In the latest issue of Lucky Peach, Jonathan Gold talks about a Taiwanese restaurant that he really didn’t like at first. “I went and I really hated it…[But] I could tell that it wasn’t a bad restaurant. People were really dressed up and obviously they were there on purpose.” Gold ended up going back 17 times. “I was back there so often–this place that I detested–that one of the waitresses tried to set me up with her daughter.”
17 times. That little nugget stayed with me after I read it: I go to a restaurant, eat there, take pictures, and write about it. I rarely go back. So last week, I decided to Goldify myself: I made the pilgrimage to the San Gabriel valley, home of some of the nation’s most authentic Chinese food, to eat at Tasty Noodle House. And the next day I went back to eat there again.
Part of my motivation was the Gold interview, but the other part of my motivation was the book I’m currently reading: Fuschia Dunlop’s “Shark’s Fin & Sichuan Pepper.” It’s a wonderfully insightful book about living in China and falling in love with the cuisine. Dunlop’s descriptions are so rich and vivid, I’ve been craving really good Chinese food from the moment I flipped the first page.
And really good Chinese food is what I got in the San Gabriel Valley at Tasty Noodle House.

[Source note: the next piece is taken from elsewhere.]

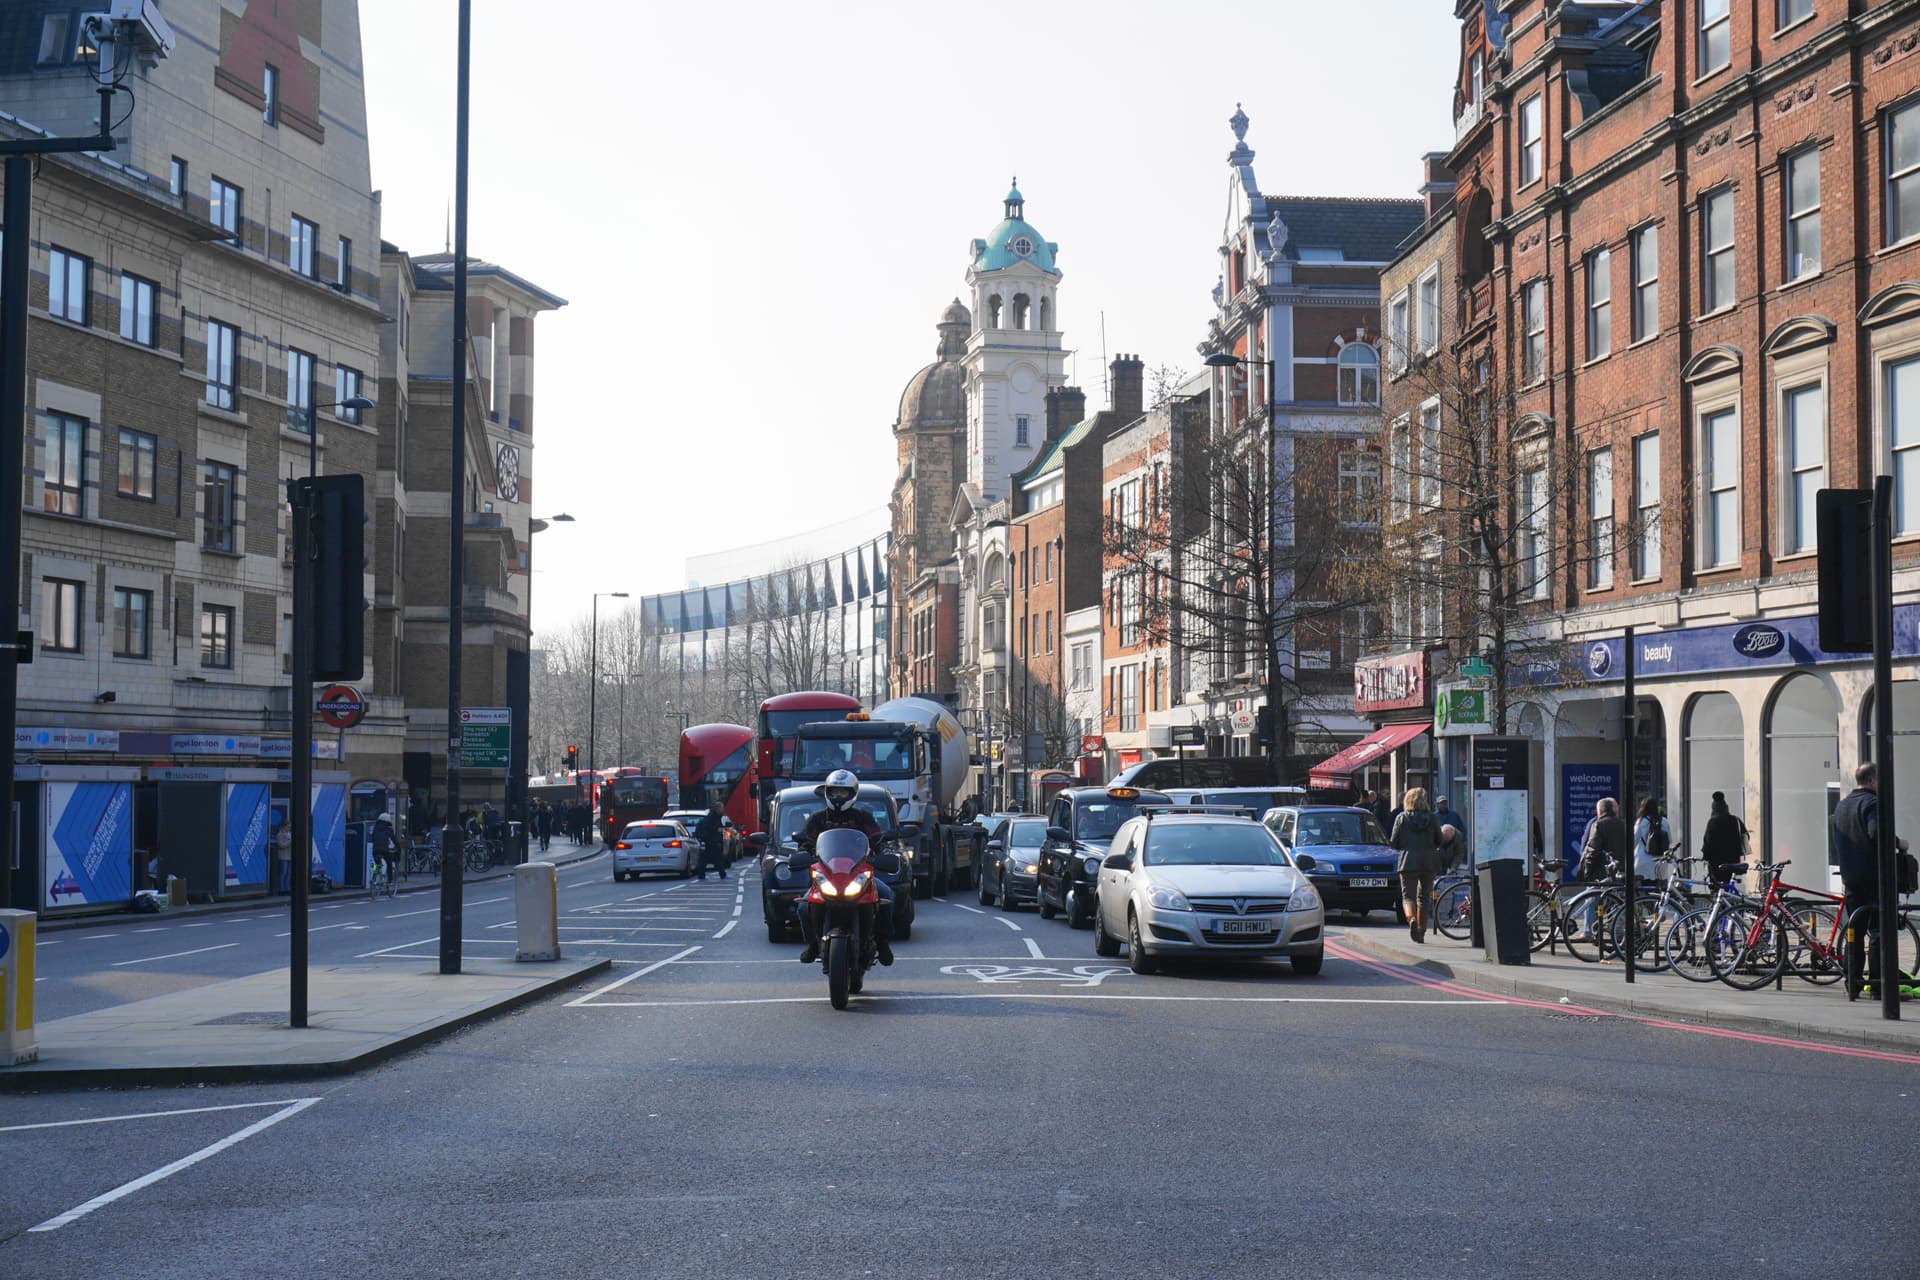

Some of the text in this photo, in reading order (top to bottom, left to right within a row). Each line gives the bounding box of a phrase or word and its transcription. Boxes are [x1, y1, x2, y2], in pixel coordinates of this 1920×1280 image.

On Day One, I ordered this cooling bowl of noodles (thick chewy ones) with cucumber and black bean sauce:
Mixed together, this was a dream come true on a hot day. Each component was perfectly executed (look at the knife work on that cucumber, look at the texture of those noodles) and I gobbled it up, trying to save room for the other thing I ordered: a plate of pork buns.
Obnoxious food writers sometimes talk about “food made with love.” I’ve been guilty of it. But these pork buns were precisely that: each little packet was made carefully, thoughtfully, expertly. You bite in and get an immediate squirt of pork jus, then a bite of the pork filling, all wrapped up in that chewy, hand-made dough that you dip into a mixture of soy sauce and vinegar.
Eating this food, I was most taken with how clean-tasting and non-greasy it was. This was the total opposite of the shopping mall Chinese food I ate growing up; this was Chinese food that justifies the claim that China has one of the world’s great cuisines.
That was Day One. Now on to Day Two.
On Day Two, I ordered this dish of tofu cooked in a brown sauce:
Honestly, I didn’t really know what I’d ordered; I thought it might be a wet kind of tofu with some sauce on top of it. Instead, these were firm strips stir-fried with an earthy sauce and some greens. It’s a great lunch because it’s filling the way noodles are filling, but way more protein-rich.
The real star, though, was this plate of steamed shrimp and pork dumplings that I ordered:
I think you can tell just by looking that these are special. Having made dumplings myself, I knew right away that this dumpling dough was the real deal, hand made, and expertly crafted. Each dumpling had a great bite–chewy, but not densely so–with a perfectly balanced filling at the center:
I’m not going to lie: it was hard to stop eating these. With the pork buns, I took home half; with the dumplings, I’m scared to tell you how many I ate. I ate a lot. Heads turned. News crews shot video. Helicopters passed overhead.
That’s my reward, though, for going twice to such a notable place as the Tasty Noodle House in the San Gabriel Valley. It was revelatory Chinese food; a way better experience than the one we had Shanghai No. 1 Seafood Village.
The precedent now set, I’m excited to continue this trend of visiting and then re-visiting a new dining destination. Next up: something with heat. I’m thinking Sichuanese or Hunanese. I’m thinking I may bring friends so I don’t have another dumpling incident.
But, damn, those dumplings were good.